• What you have to do
Write out all entries word for word.

• Exercise material
──────────────────────────────
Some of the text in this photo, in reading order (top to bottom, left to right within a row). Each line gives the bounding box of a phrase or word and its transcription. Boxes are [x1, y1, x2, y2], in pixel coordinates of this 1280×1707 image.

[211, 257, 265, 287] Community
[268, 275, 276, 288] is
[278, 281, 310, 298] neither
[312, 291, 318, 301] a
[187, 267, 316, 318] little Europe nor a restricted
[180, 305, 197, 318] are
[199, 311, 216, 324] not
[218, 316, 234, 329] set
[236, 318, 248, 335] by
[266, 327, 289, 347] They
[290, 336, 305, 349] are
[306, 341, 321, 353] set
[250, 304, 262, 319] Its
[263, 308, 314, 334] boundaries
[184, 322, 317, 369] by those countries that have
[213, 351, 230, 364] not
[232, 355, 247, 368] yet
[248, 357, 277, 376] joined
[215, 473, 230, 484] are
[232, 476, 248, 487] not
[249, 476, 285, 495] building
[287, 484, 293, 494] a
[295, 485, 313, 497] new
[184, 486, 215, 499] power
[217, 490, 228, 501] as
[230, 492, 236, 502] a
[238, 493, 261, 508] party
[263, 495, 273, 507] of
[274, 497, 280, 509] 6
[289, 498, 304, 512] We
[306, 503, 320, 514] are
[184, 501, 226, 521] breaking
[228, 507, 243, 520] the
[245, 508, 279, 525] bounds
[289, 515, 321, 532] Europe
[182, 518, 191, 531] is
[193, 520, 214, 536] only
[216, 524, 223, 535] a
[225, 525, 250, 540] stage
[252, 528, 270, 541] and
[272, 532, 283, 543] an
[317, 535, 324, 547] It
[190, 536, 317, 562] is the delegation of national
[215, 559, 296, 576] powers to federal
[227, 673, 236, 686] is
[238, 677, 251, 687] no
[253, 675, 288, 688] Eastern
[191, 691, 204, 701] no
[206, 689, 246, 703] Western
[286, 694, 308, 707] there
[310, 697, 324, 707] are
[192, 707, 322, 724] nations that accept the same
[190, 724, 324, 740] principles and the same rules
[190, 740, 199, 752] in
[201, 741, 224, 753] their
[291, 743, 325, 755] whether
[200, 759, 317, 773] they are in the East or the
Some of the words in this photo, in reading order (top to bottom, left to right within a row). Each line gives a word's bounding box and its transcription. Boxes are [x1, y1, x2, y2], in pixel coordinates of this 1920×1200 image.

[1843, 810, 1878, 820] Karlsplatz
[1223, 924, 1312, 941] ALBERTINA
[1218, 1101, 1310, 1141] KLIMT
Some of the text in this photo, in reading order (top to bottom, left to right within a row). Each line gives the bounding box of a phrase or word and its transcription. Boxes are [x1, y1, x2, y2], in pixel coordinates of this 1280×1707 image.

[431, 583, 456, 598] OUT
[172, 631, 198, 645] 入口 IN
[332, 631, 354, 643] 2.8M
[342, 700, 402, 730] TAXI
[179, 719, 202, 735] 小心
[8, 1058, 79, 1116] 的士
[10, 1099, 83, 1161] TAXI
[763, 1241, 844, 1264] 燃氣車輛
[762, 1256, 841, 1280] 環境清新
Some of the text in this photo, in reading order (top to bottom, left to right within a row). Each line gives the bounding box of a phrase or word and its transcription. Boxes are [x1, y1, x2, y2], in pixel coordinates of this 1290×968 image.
──────────────────────────────
• Result for this task
Some of the text in this photo, in reading order (top to bottom, left to right within a row). Each line gives the bounding box of a phrase or word and its transcription. Boxes are [x1, y1, x2, y2], in pixel coordinates of this 1280×1707 image.

[211, 257, 265, 287] Community
[268, 275, 276, 288] is
[278, 281, 310, 298] neither
[312, 291, 318, 301] a
[187, 267, 316, 318] little Europe nor a restricted
[180, 305, 197, 318] are
[199, 311, 216, 324] not
[218, 316, 234, 329] set
[236, 318, 248, 335] by
[266, 327, 289, 347] They
[290, 336, 305, 349] are
[306, 341, 321, 353] set
[250, 304, 262, 319] Its
[263, 308, 314, 334] boundaries
[184, 322, 317, 369] by those countries that have
[213, 351, 230, 364] not
[232, 355, 247, 368] yet
[248, 357, 277, 376] joined
[215, 473, 230, 484] are
[232, 476, 248, 487] not
[249, 476, 285, 495] building
[287, 484, 293, 494] a
[295, 485, 313, 497] new
[184, 486, 215, 499] power
[217, 490, 228, 501] as
[230, 492, 236, 502] a
[238, 493, 261, 508] party
[263, 495, 273, 507] of
[274, 497, 280, 509] 6
[289, 498, 304, 512] We
[306, 503, 320, 514] are
[184, 501, 226, 521] breaking
[228, 507, 243, 520] the
[245, 508, 279, 525] bounds
[289, 515, 321, 532] Europe
[182, 518, 191, 531] is
[193, 520, 214, 536] only
[216, 524, 223, 535] a
[225, 525, 250, 540] stage
[252, 528, 270, 541] and
[272, 532, 283, 543] an
[317, 535, 324, 547] It
[190, 536, 317, 562] is the delegation of national
[215, 559, 296, 576] powers to federal
[227, 673, 236, 686] is
[238, 677, 251, 687] no
[253, 675, 288, 688] Eastern
[191, 691, 204, 701] no
[206, 689, 246, 703] Western
[286, 694, 308, 707] there
[310, 697, 324, 707] are
[192, 707, 322, 724] nations that accept the same
[190, 724, 324, 740] principles and the same rules
[190, 740, 199, 752] in
[201, 741, 224, 753] their
[291, 743, 325, 755] whether
[200, 759, 317, 773] they are in the East or the
Some of the words in this photo, in reading order (top to bottom, left to right within a row). Each line gives a word's bounding box and its transcription. Boxes are [x1, y1, x2, y2], in pixel coordinates of this 1920×1200 image.

[1843, 810, 1878, 820] Karlsplatz
[1223, 924, 1312, 941] ALBERTINA
[1218, 1101, 1310, 1141] KLIMT
Some of the text in this photo, in reading order (top to bottom, left to right within a row). Each line gives the bounding box of a phrase or word and its transcription. Boxes are [x1, y1, x2, y2], in pixel coordinates of this 1280×1707 image.

[431, 583, 456, 598] OUT
[172, 631, 198, 645] 入口 IN
[332, 631, 354, 643] 2.8M
[342, 700, 402, 730] TAXI
[179, 719, 202, 735] 小心
[8, 1058, 79, 1116] 的士
[10, 1099, 83, 1161] TAXI
[763, 1241, 844, 1264] 燃氣車輛
[762, 1256, 841, 1280] 環境清新
Some of the text in this photo, in reading order (top to bottom, left to right within a row). Each line gives the bounding box of a phrase or word and its transcription. Boxes are [x1, y1, x2, y2], in pixel coordinates of this 1290×968 image.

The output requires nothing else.